# Problem to solve:
Without the pictures, reproduce the entries below exactly.

== Records for processing

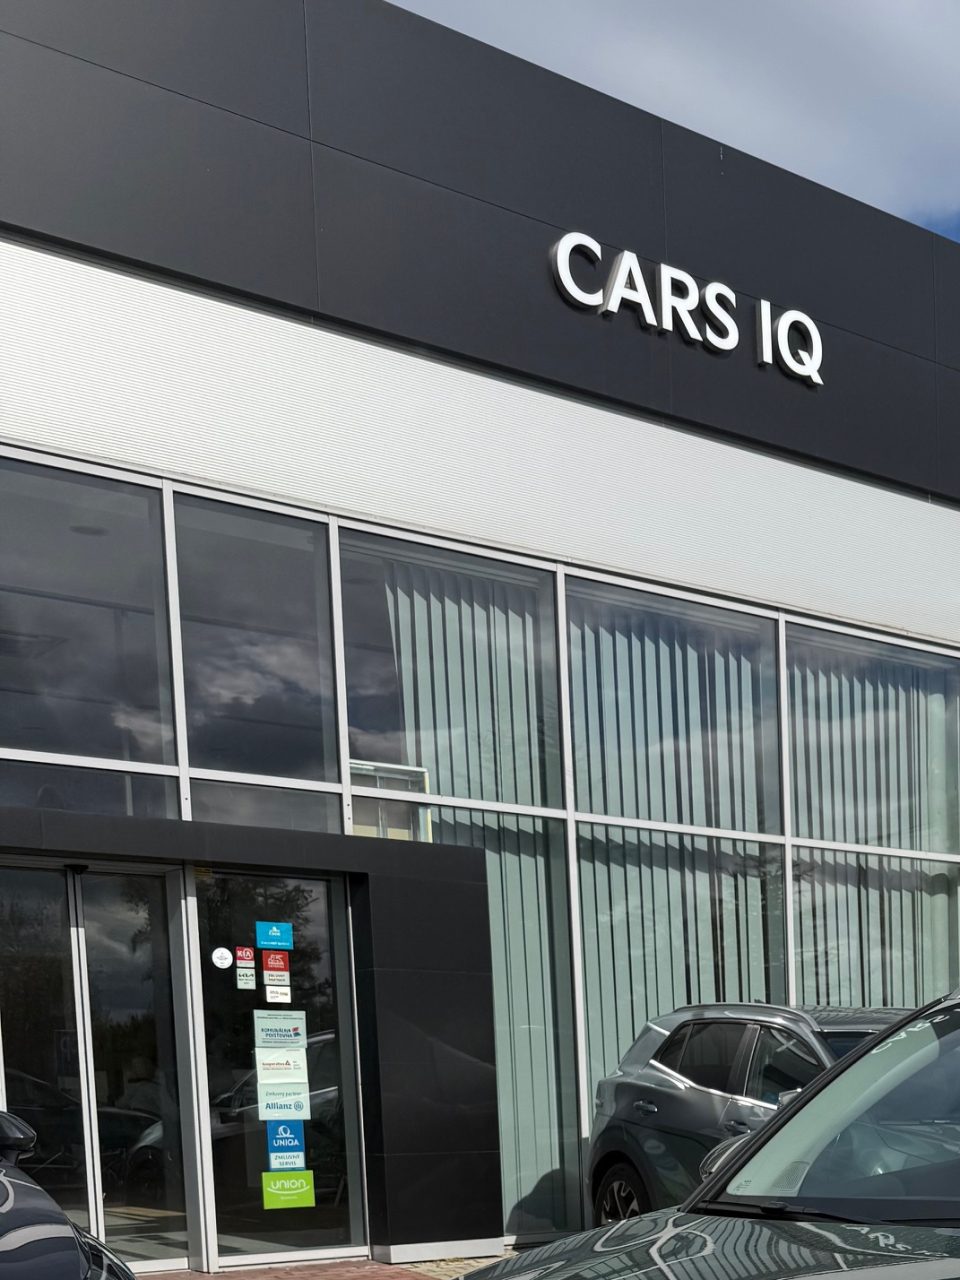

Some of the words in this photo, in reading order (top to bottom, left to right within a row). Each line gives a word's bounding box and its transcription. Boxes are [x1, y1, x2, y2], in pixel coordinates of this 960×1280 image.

[553, 231, 740, 351] CARS
[757, 299, 824, 386] IQ
[265, 1101, 293, 1110] Allianz
[273, 1138, 300, 1147] UNIQA

====

# Task result:
Some of the words in this photo, in reading order (top to bottom, left to right within a row). Each line gives a word's bounding box and its transcription. Boxes are [x1, y1, x2, y2], in pixel coordinates of this 960×1280 image.

[553, 231, 740, 351] CARS
[757, 299, 824, 386] IQ
[265, 1101, 293, 1110] Allianz
[273, 1138, 300, 1147] UNIQA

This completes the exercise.